___ Stored data ___

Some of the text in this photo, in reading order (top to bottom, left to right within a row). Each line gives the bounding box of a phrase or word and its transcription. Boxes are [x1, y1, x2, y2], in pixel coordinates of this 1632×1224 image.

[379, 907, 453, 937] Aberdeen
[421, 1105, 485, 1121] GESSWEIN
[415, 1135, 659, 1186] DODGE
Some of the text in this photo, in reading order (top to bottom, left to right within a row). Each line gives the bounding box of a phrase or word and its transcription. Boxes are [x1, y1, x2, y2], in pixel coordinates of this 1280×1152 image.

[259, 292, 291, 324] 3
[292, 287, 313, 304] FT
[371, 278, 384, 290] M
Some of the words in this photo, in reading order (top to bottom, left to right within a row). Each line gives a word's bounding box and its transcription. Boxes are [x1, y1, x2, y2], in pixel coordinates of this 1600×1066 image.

___

### Exercise details
Type out each entry above again, exactly.

### Answer box
Some of the text in this photo, in reading order (top to bottom, left to right within a row). Each line gives the bounding box of a phrase or word and its transcription. Boxes are [x1, y1, x2, y2], in pixel coordinates of this 1632×1224 image.

[379, 907, 453, 937] Aberdeen
[421, 1105, 485, 1121] GESSWEIN
[415, 1135, 659, 1186] DODGE
Some of the text in this photo, in reading order (top to bottom, left to right within a row). Each line gives the bounding box of a phrase or word and its transcription. Boxes are [x1, y1, x2, y2], in pixel coordinates of this 1280×1152 image.

[259, 292, 291, 324] 3
[292, 287, 313, 304] FT
[371, 278, 384, 290] M
Some of the words in this photo, in reading order (top to bottom, left to right within a row). Each line gives a word's bounding box and its transcription. Boxes are [x1, y1, x2, y2], in pixel coordinates of this 1600×1066 image.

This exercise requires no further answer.